Housing Department spokeswoman Samantha Hill said the department has held “over 100 meetings” with homeowners associations in the neighborhood to get their governance set up to set them up to receive the loans. Nearly 150 units in 14 buildings in the neighborhood have “been stabilized or are in process” of being preserved through the city’s existing troubled-buildings initiative.
As for the city-owned lot in Woodlawn, Hill said officials anticipate developing “a larger mixed-use planning effort that will include affordable housing” in the area between the Metra tracks and Stony Island Avenue.
“The Department considers this a gateway site to Woodlawn’s redeveloping 63rd Street Corridor,” and the city will be coordinating closely with the Woodlawn Central Development, the YMCA and Mount Carmel High School Campus, Hill said.

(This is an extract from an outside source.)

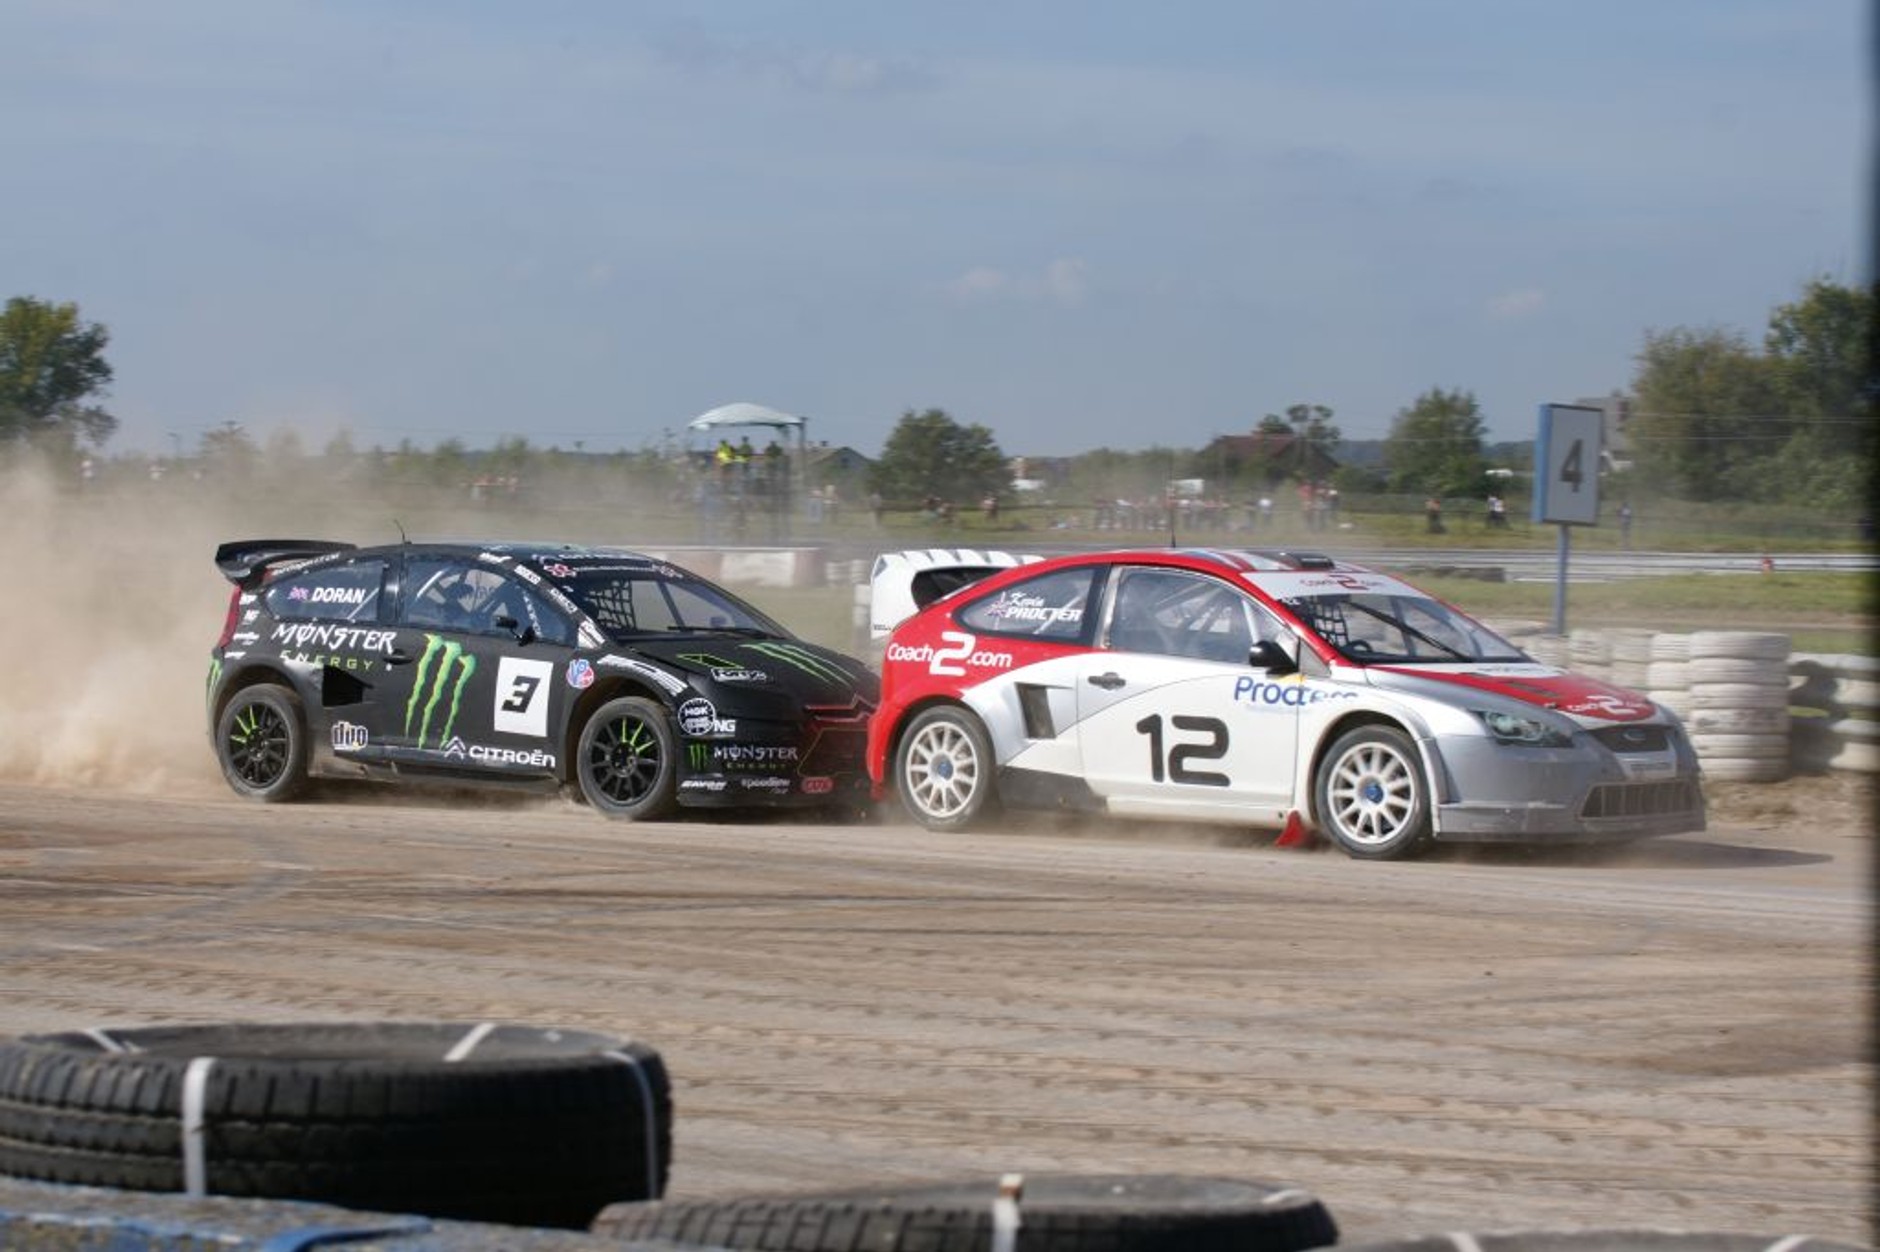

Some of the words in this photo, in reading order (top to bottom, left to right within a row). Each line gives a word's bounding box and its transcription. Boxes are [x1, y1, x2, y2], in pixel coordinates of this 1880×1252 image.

The City Council also recently approved construction of a handful of new affordable homes, and a proposal for an affordable 33-unit building is planned as part of the Thrive Exchange development, Hill said. The city has also provided rental relief through the pandemic citywide, and is providing money for legal counsel for individuals going through eviction proceedings.
But Romeo said the city has not acted urgently enough, especially to address rising rents.
“At this point, the city has a long history of saying things and either doing nothing or doing the opposite,” he said. “We want to work with the mayor, alderperson, the Housing Department to get a holistic housing ordinance that encapsulates all the things we’ve put in our demands, that helps renters, condo owners and homeowners.”